──────── Exercise materials ────────

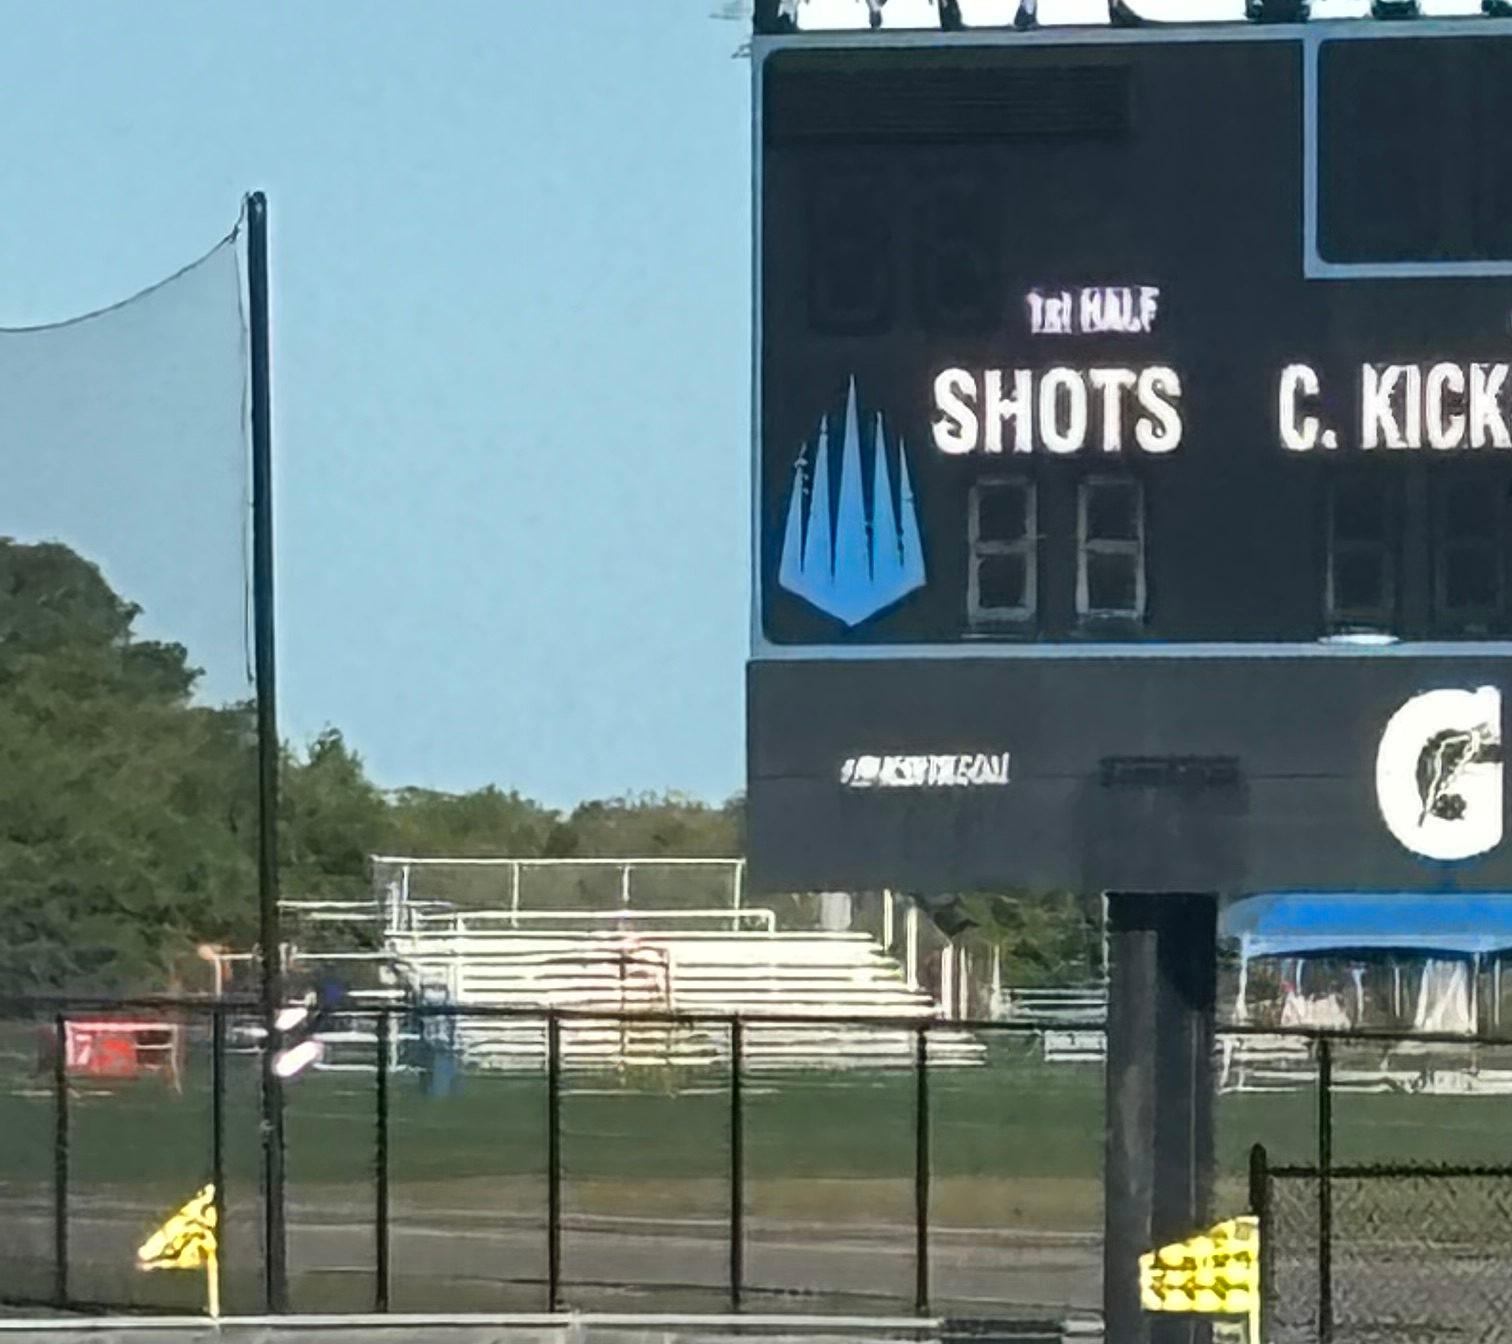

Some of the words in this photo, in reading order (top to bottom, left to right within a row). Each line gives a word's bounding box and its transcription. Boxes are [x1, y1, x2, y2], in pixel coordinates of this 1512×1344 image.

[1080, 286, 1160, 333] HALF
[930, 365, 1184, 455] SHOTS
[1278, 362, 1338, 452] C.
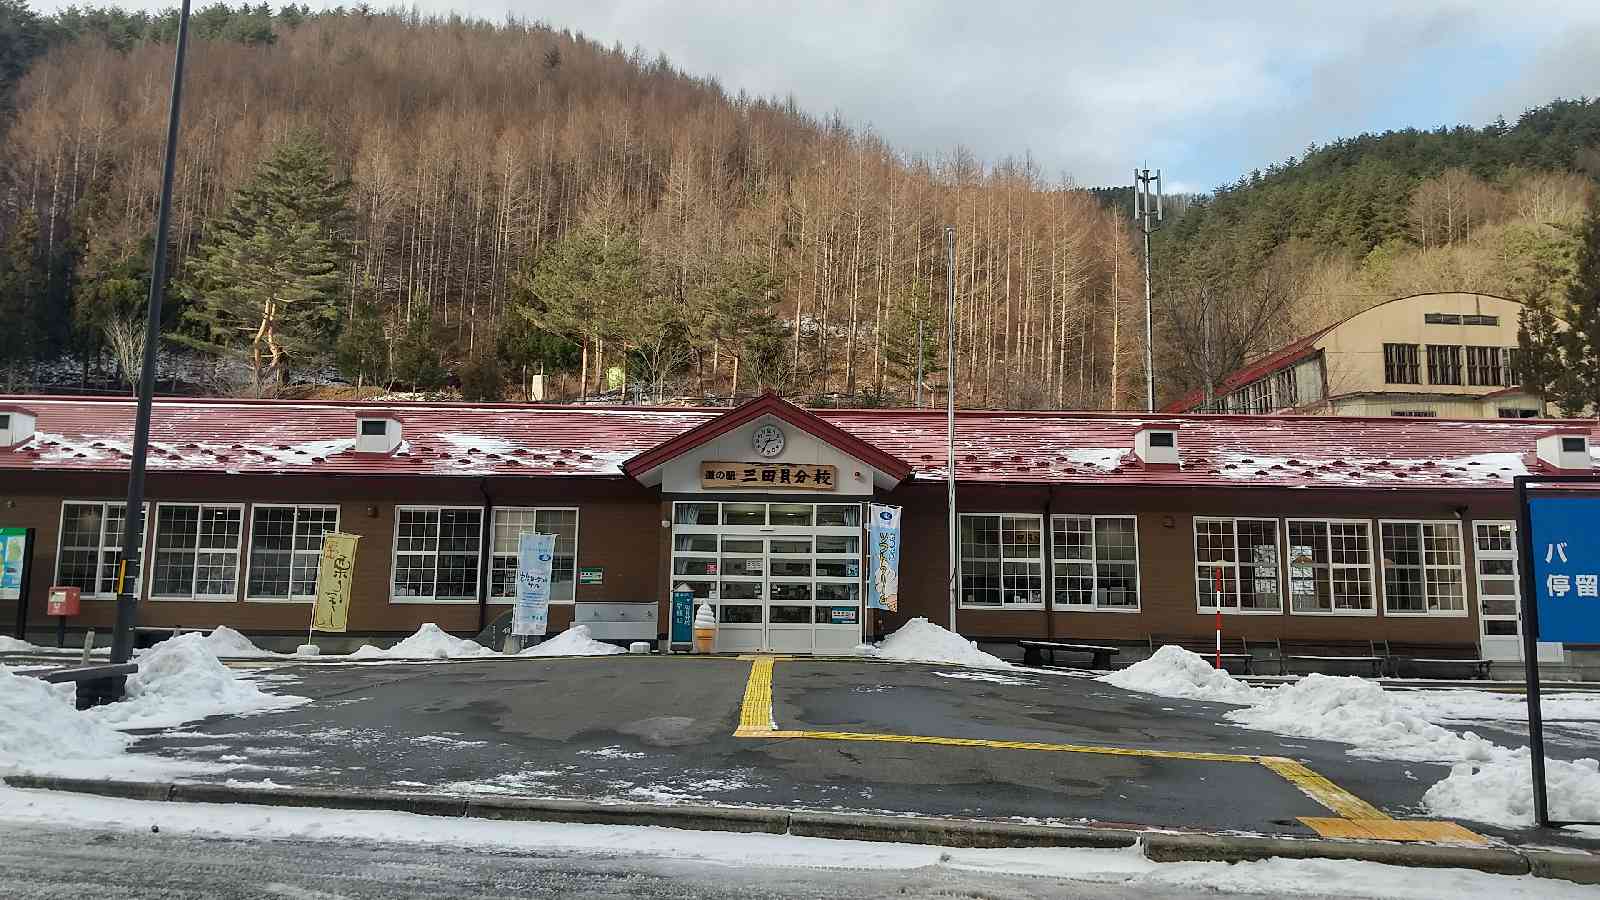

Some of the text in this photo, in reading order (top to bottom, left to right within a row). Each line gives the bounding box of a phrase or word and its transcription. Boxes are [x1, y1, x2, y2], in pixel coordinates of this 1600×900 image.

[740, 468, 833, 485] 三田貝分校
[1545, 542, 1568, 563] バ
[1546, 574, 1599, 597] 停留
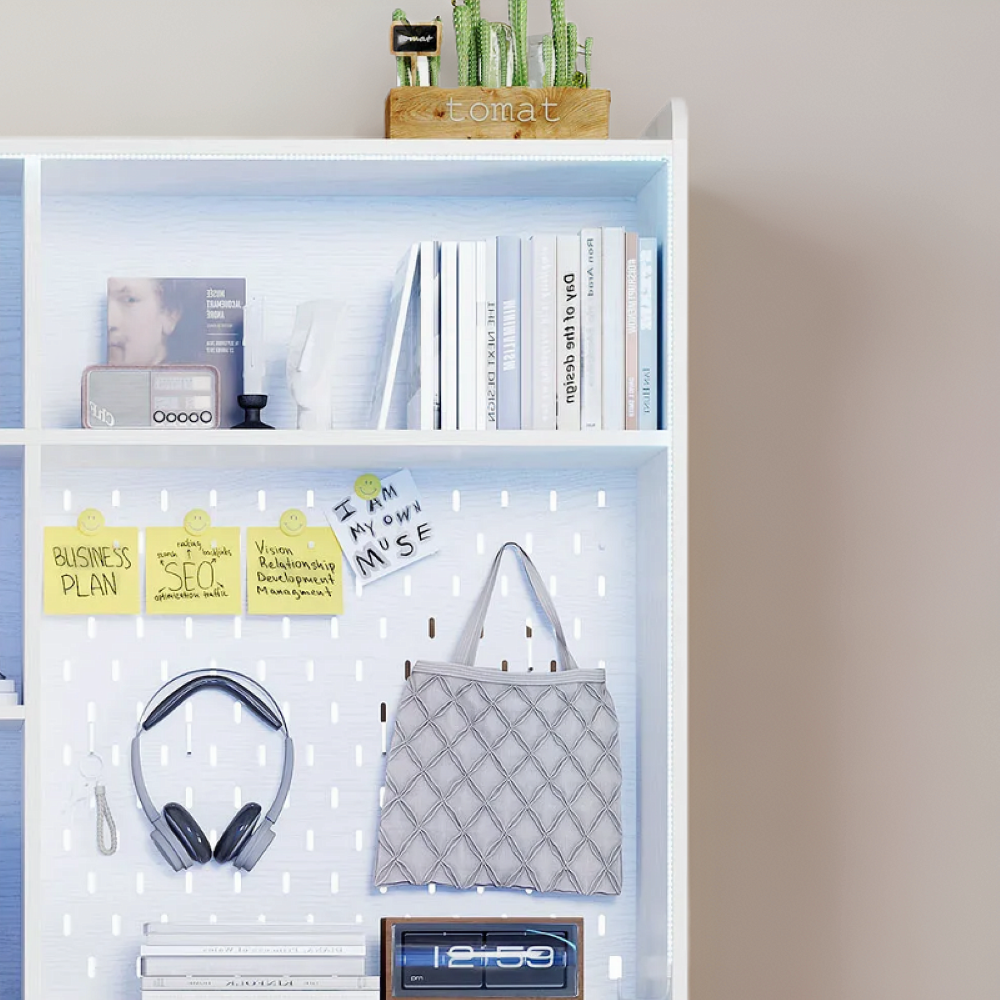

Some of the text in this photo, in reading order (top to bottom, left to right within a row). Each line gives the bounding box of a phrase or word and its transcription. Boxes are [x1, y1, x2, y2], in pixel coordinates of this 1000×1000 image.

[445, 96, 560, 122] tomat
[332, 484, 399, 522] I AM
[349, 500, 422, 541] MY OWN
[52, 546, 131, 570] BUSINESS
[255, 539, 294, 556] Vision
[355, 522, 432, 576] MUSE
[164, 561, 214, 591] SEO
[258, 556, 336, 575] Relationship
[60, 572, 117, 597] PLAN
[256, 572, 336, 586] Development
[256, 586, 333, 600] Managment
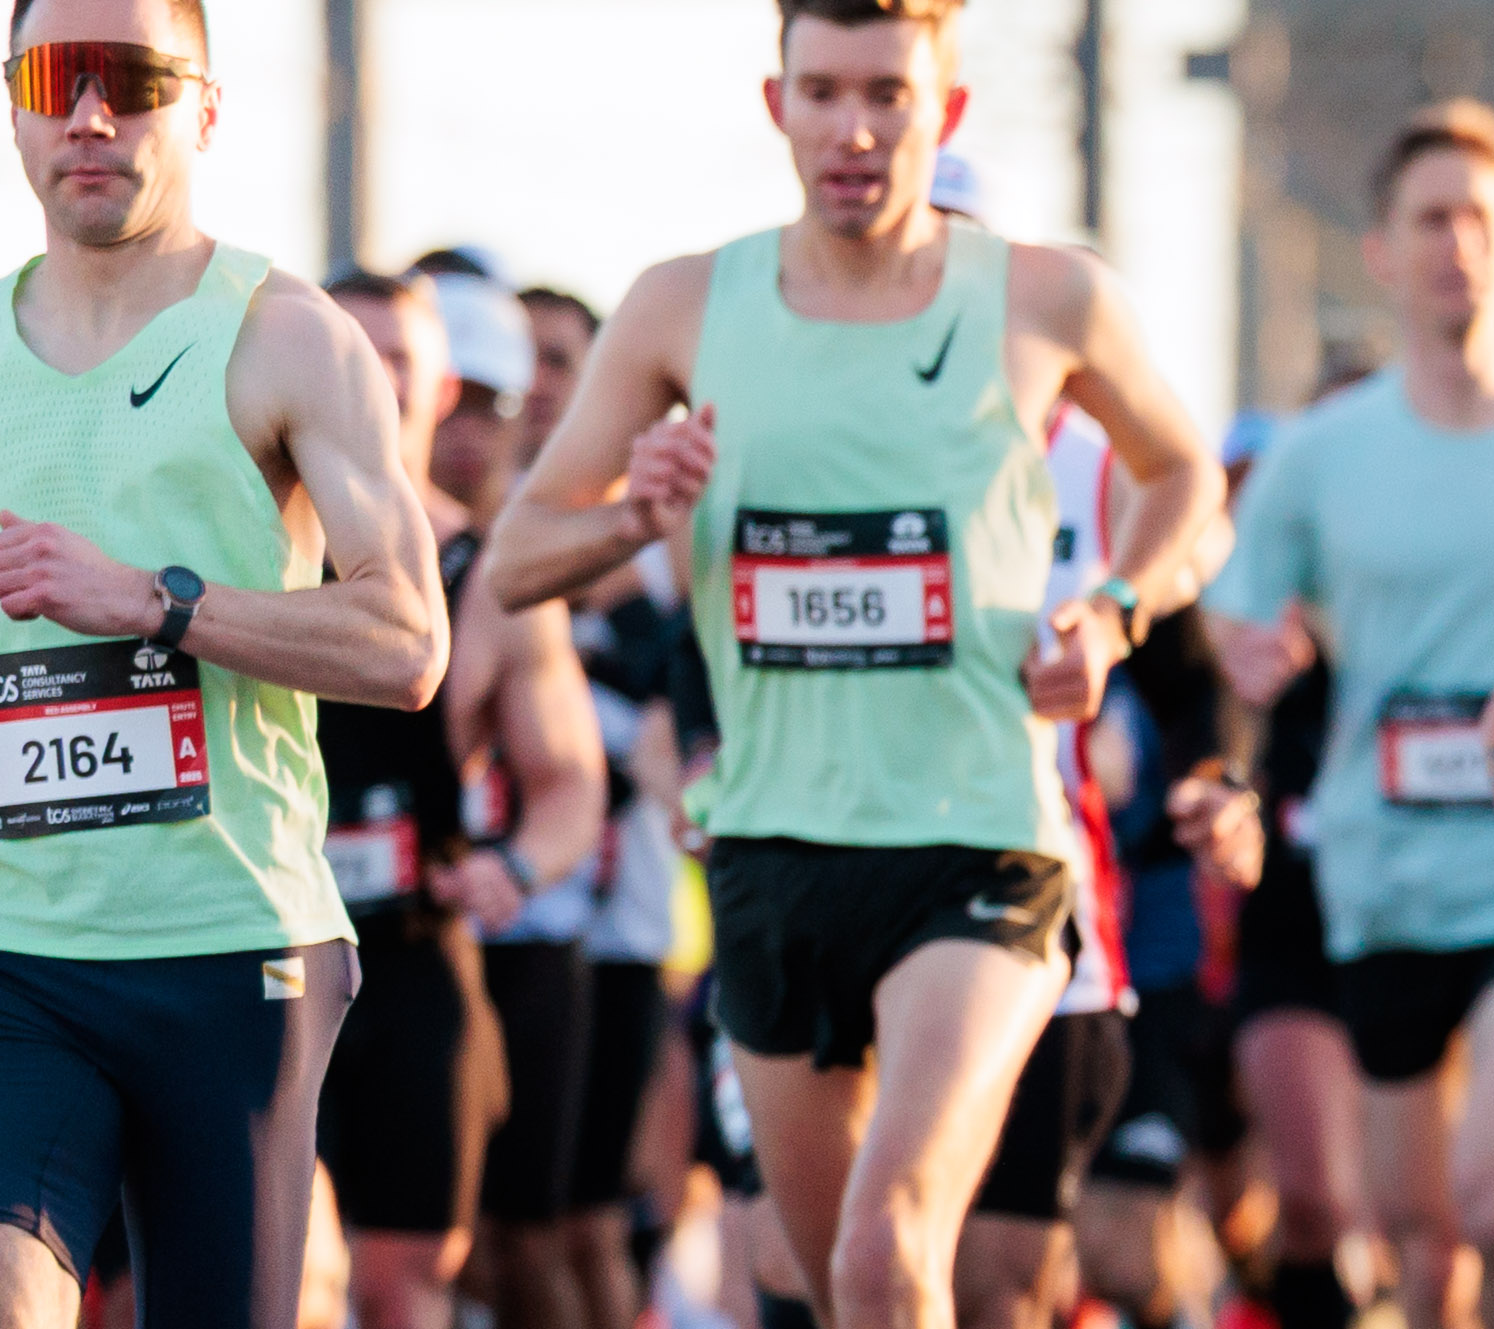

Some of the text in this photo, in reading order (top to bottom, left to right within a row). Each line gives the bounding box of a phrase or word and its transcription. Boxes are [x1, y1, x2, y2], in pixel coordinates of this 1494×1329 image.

────────

→ Task to carry out: Please write out all the data word for word, but keep every picture out.

→ Answer space:
Some of the words in this photo, in reading order (top to bottom, left to right within a row). Each line gives a word's bounding box and its transcription. Boxes are [x1, y1, x2, y2], in pixel coordinates of this 1512×1344 image.

[1080, 286, 1160, 333] HALF
[930, 365, 1184, 455] SHOTS
[1278, 362, 1338, 452] C.

Some of the text in this photo, in reading order (top to bottom, left to right within a row). Each line gives the bounding box of a phrase or word and its transcription. Boxes are [x1, y1, x2, y2], in pixel coordinates of this 1600×900 image.

[740, 468, 833, 485] 三田貝分校
[1545, 542, 1568, 563] バ
[1546, 574, 1599, 597] 停留

Some of the text in this photo, in reading order (top to bottom, left to right within a row). Each line gives the bounding box of a phrase or word and its transcription. Boxes are [x1, y1, x2, y2], in pixel coordinates of this 1000×1000 image.

[445, 96, 560, 122] tomat
[332, 484, 399, 522] I AM
[349, 500, 422, 541] MY OWN
[52, 546, 131, 570] BUSINESS
[255, 539, 294, 556] Vision
[355, 522, 432, 576] MUSE
[164, 561, 214, 591] SEO
[258, 556, 336, 575] Relationship
[60, 572, 117, 597] PLAN
[256, 572, 336, 586] Development
[256, 586, 333, 600] Managment

Some of the text in this photo, in reading order (top to bottom, left to right within a row). Each line gives the bounding box of a phrase or word and its transcription. Boxes are [x1, y1, x2, y2], in pixel coordinates of this 1494×1329 image.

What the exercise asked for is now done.